Work item. Your reply should hold exactly the lines from the one that contains "Some of the words" through the end of the data. Repeat them word for word.

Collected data
- Opening Delimiter -

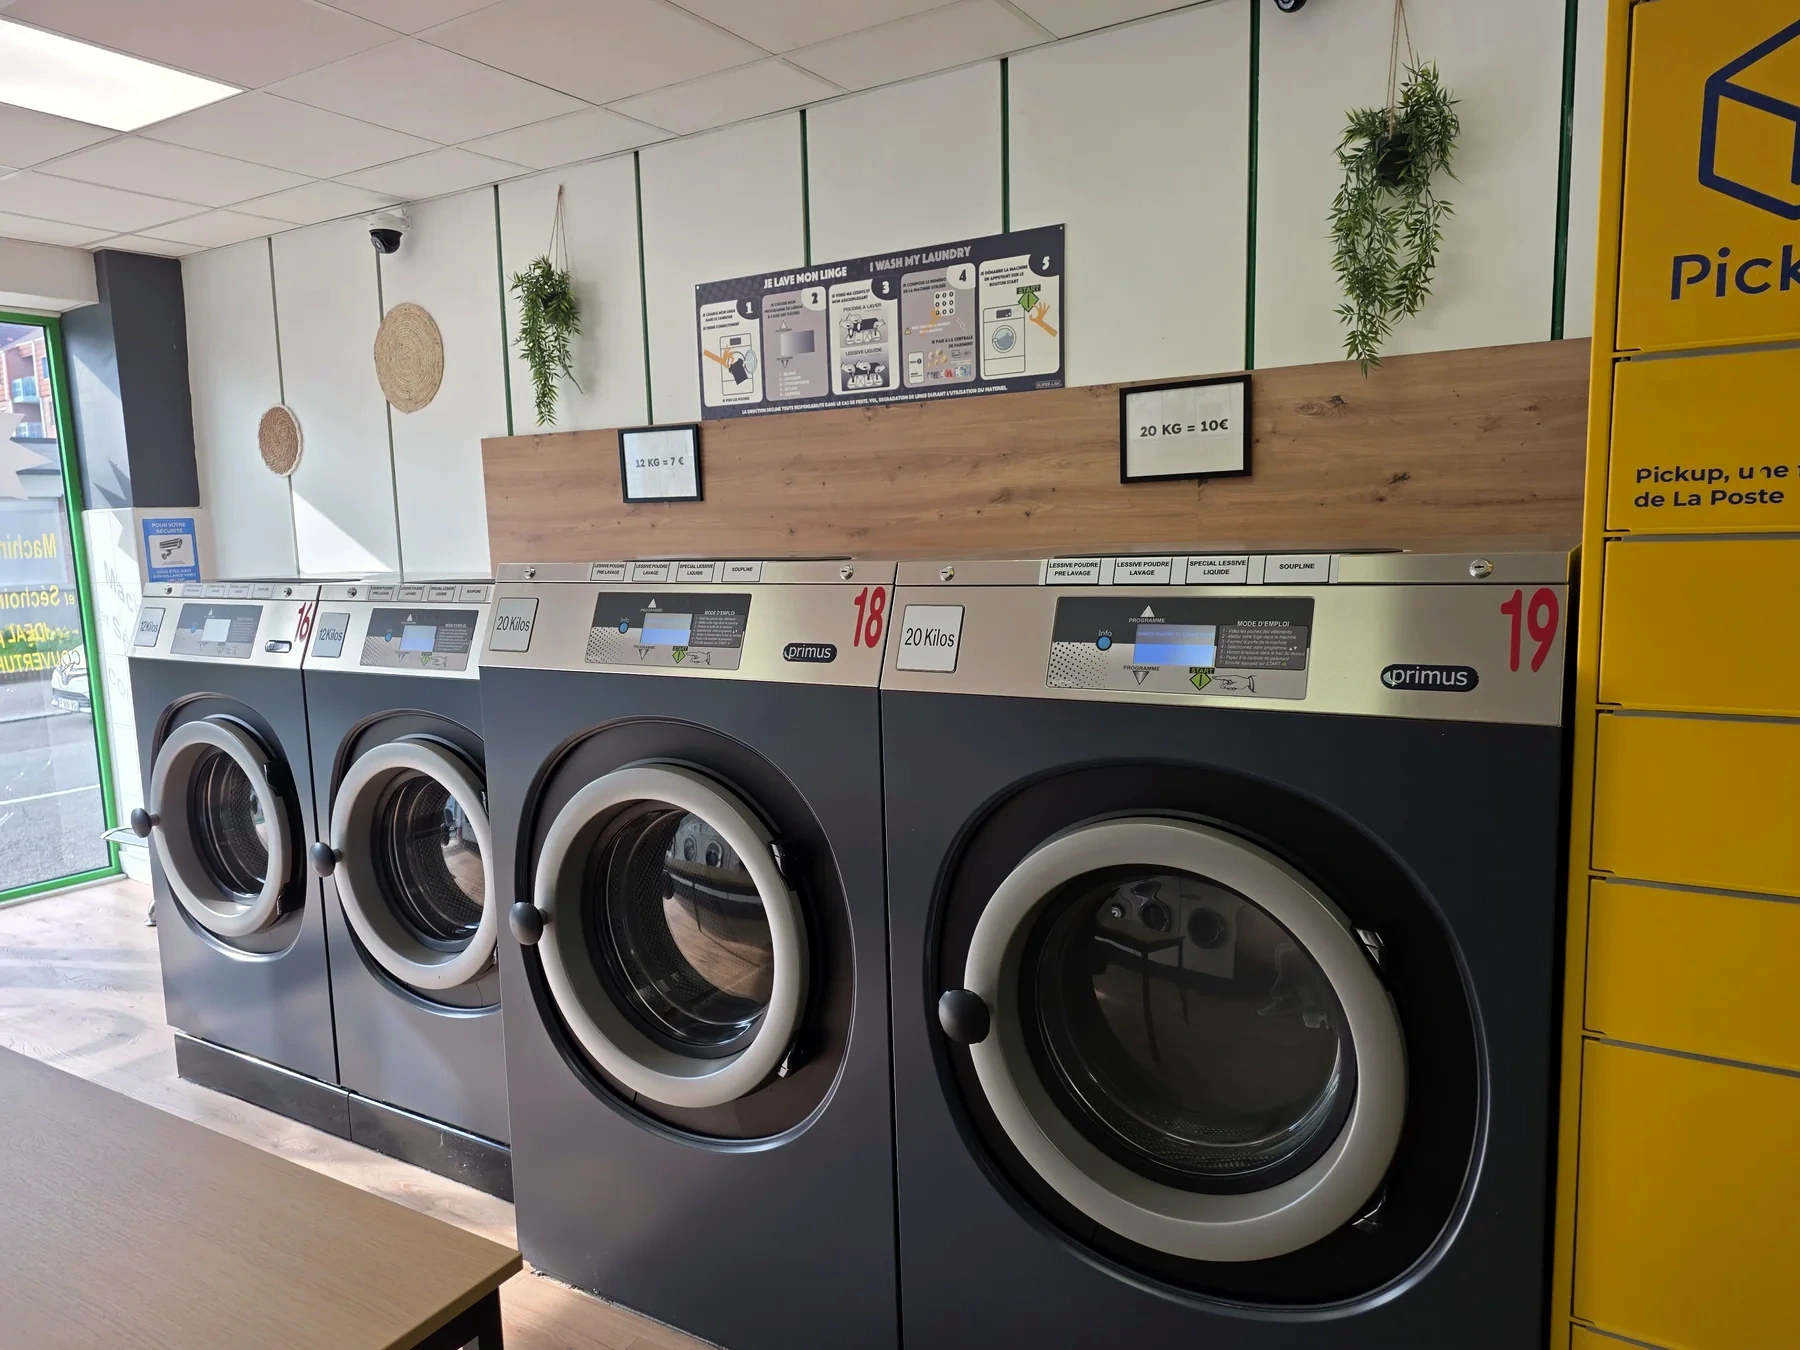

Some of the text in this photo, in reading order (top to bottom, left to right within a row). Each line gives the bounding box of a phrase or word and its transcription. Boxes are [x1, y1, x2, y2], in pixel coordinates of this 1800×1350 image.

[870, 246, 971, 272] I WASH MY LAUNDRY
[1043, 256, 1049, 270] 5
[764, 267, 847, 289] JE LAVE MON LINGE
[959, 270, 966, 281] 4
[882, 281, 889, 294] 3
[1018, 285, 1040, 294] START
[812, 293, 818, 304] 2
[746, 302, 753, 314] 1
[1140, 426, 1156, 437] 20
[1162, 423, 1182, 435] KG
[1201, 419, 1228, 432] 10€
[636, 459, 645, 468] 12
[648, 458, 660, 467] KG
[671, 457, 675, 465] 7
[679, 457, 684, 465] €
[1637, 466, 1729, 484] Pickup,
[1634, 489, 1784, 507] de La Poste
[295, 602, 312, 642] 16
[497, 616, 530, 632] 20 Kilos
[854, 586, 886, 648] 18
[904, 628, 955, 647] 20 Kilos
[1501, 588, 1559, 672] 19
[788, 644, 831, 660] primus
[1392, 666, 1468, 686] primus
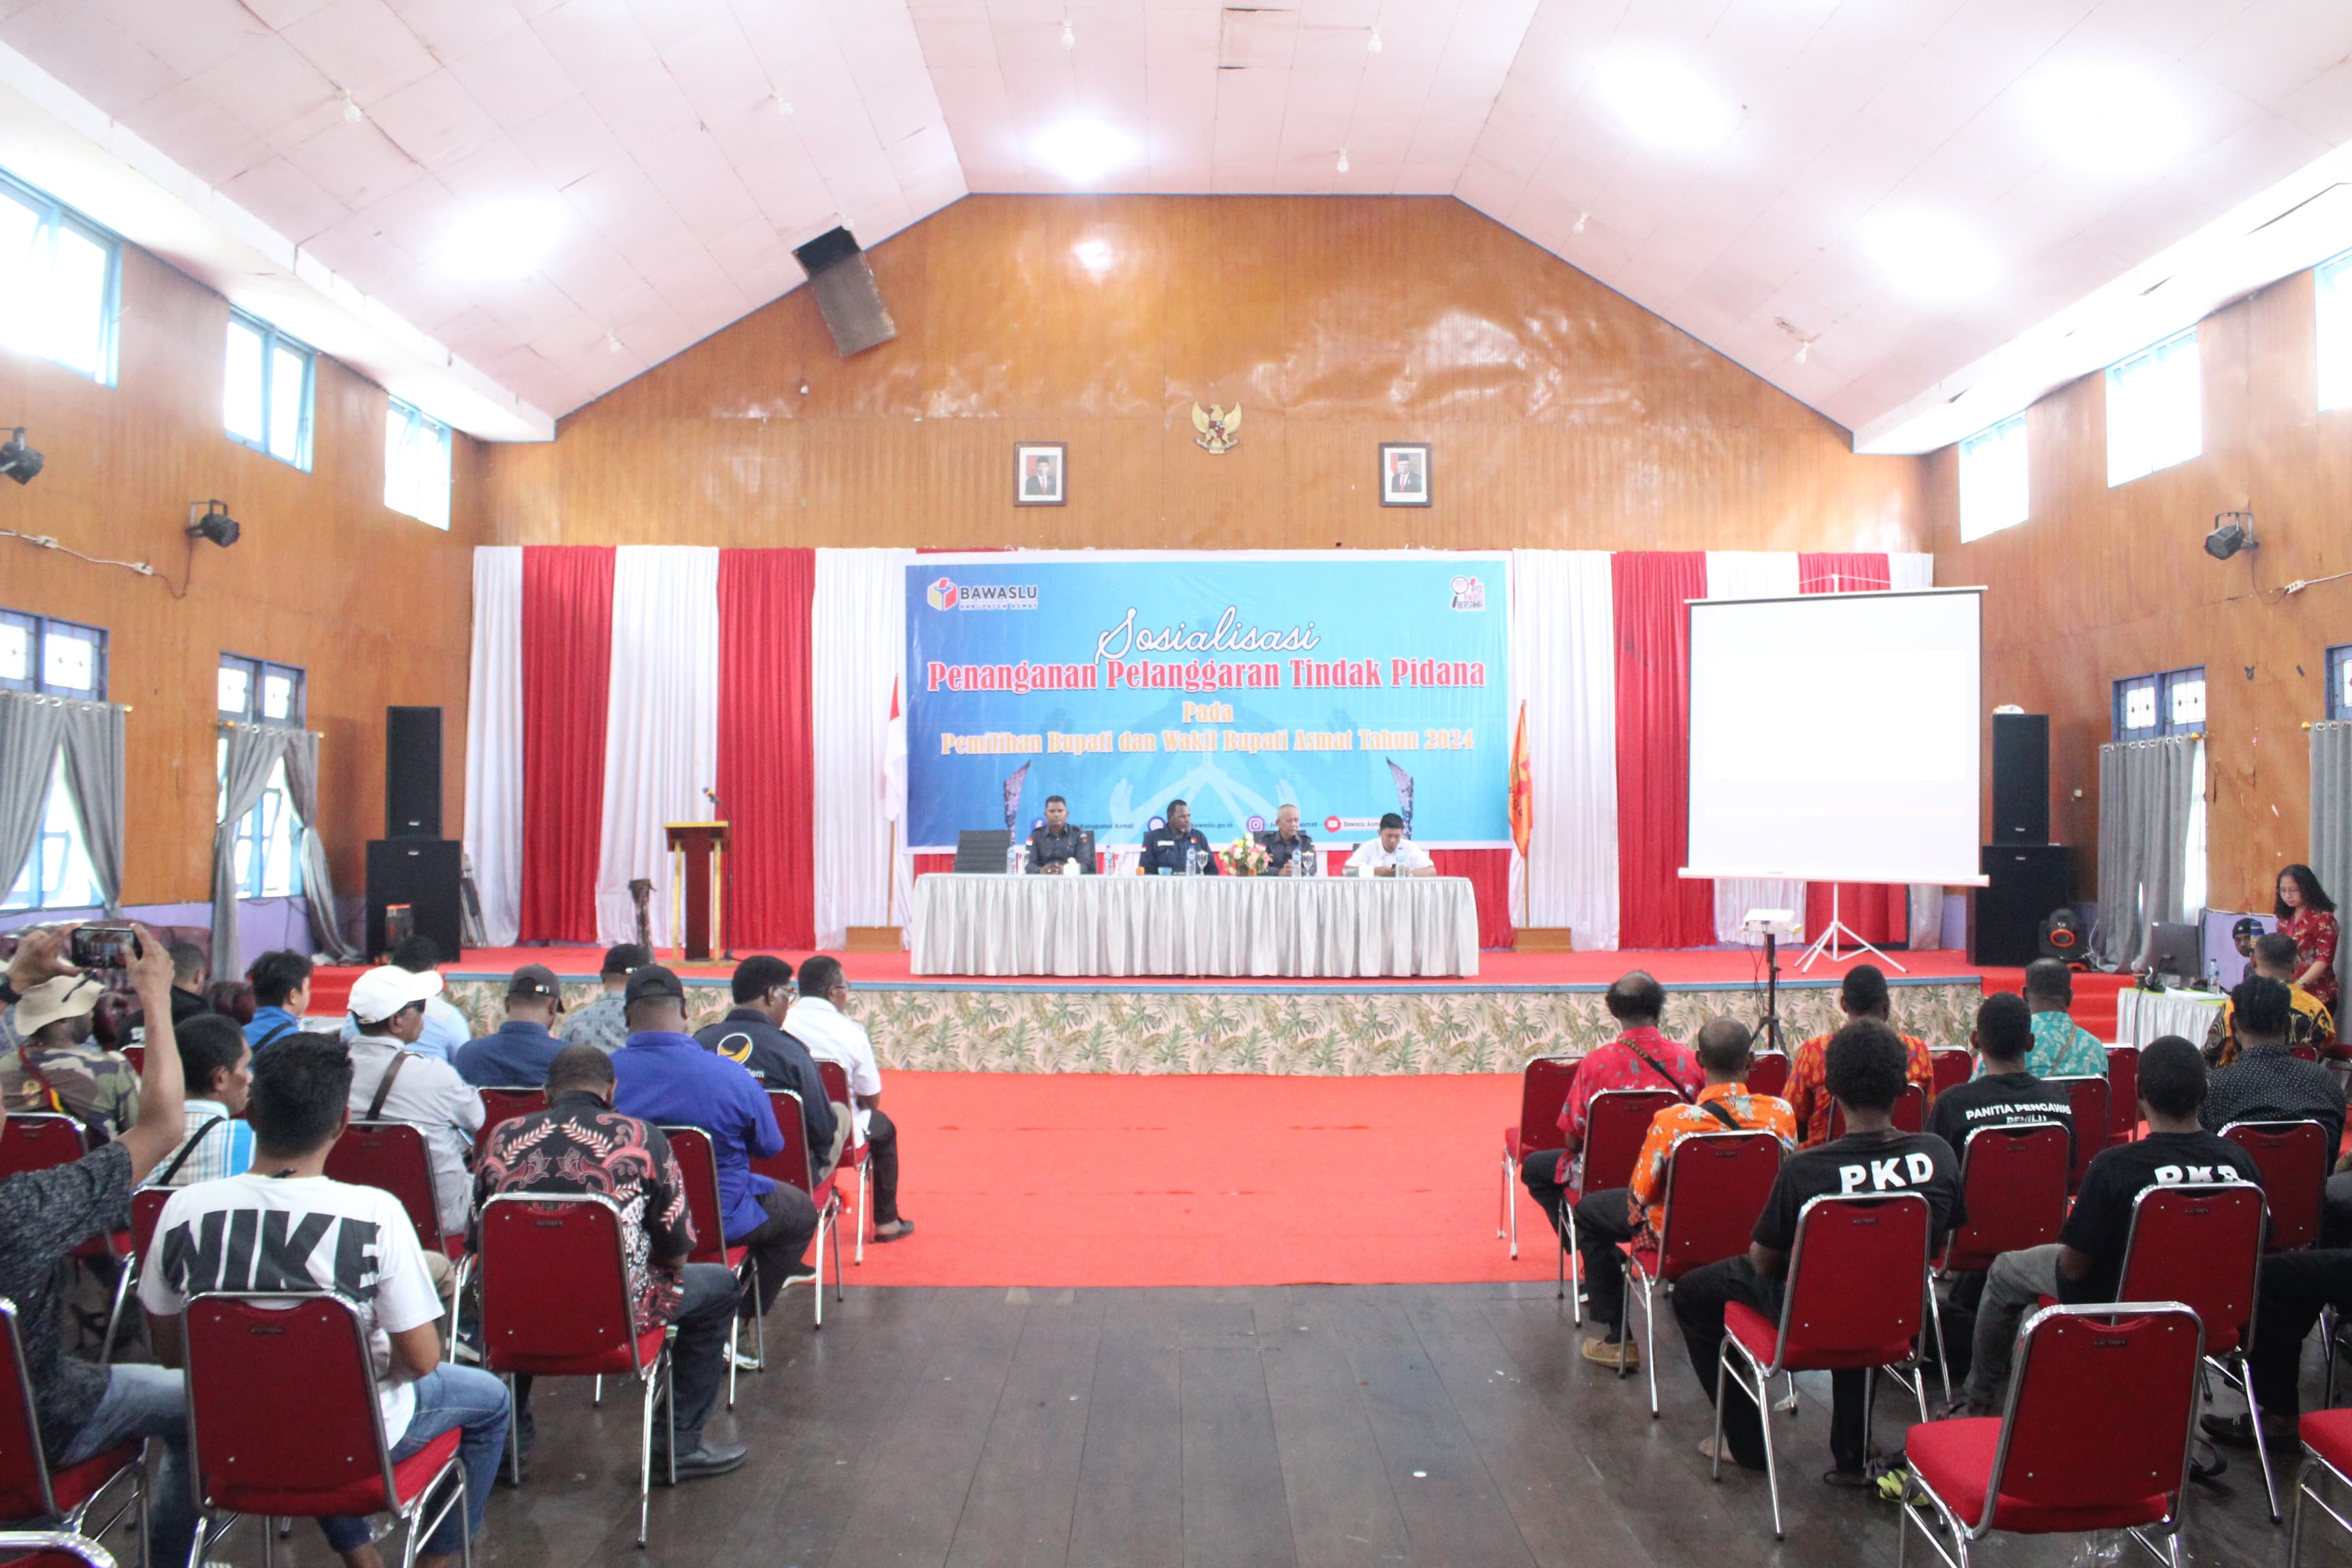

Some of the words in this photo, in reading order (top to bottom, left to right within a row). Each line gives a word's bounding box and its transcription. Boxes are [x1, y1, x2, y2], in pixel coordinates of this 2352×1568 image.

[960, 587, 1037, 600] BAWASLU
[1094, 605, 1321, 665] Sosialisasi
[928, 661, 1097, 693] Penanganan
[1107, 659, 1280, 692] Pelanggaran
[1290, 659, 1382, 688] Tindak
[1391, 658, 1486, 687] Pidana
[1182, 701, 1233, 723] Pada
[941, 732, 1043, 755] Pemilihan
[1047, 731, 1113, 756] Bupati
[1118, 730, 1156, 751] dan
[1162, 730, 1217, 752] Wakil
[1223, 730, 1288, 754] Bupati
[1294, 730, 1354, 751] Asmat
[1357, 729, 1419, 750] Tahun
[1424, 728, 1474, 750] 2024
[1965, 1104, 2014, 1120] PANITIA
[2014, 1102, 2072, 1115] PENGAWAS
[1839, 1153, 1933, 1193] PKD
[161, 1209, 381, 1302] NIKE

- Closing Delimiter -

Finished task.
Some of the words in this photo, in reading order (top to bottom, left to right within a row). Each line gives a word's bounding box and its transcription. Boxes are [x1, y1, x2, y2], in pixel coordinates of this 2352×1568 image.

[960, 587, 1037, 600] BAWASLU
[1094, 605, 1321, 665] Sosialisasi
[928, 661, 1097, 693] Penanganan
[1107, 659, 1280, 692] Pelanggaran
[1290, 659, 1382, 688] Tindak
[1391, 658, 1486, 687] Pidana
[1182, 701, 1233, 723] Pada
[941, 732, 1043, 755] Pemilihan
[1047, 731, 1113, 756] Bupati
[1118, 730, 1156, 751] dan
[1162, 730, 1217, 752] Wakil
[1223, 730, 1288, 754] Bupati
[1294, 730, 1354, 751] Asmat
[1357, 729, 1419, 750] Tahun
[1424, 728, 1474, 750] 2024
[1965, 1104, 2014, 1120] PANITIA
[2014, 1102, 2072, 1115] PENGAWAS
[1839, 1153, 1933, 1193] PKD
[161, 1209, 381, 1302] NIKE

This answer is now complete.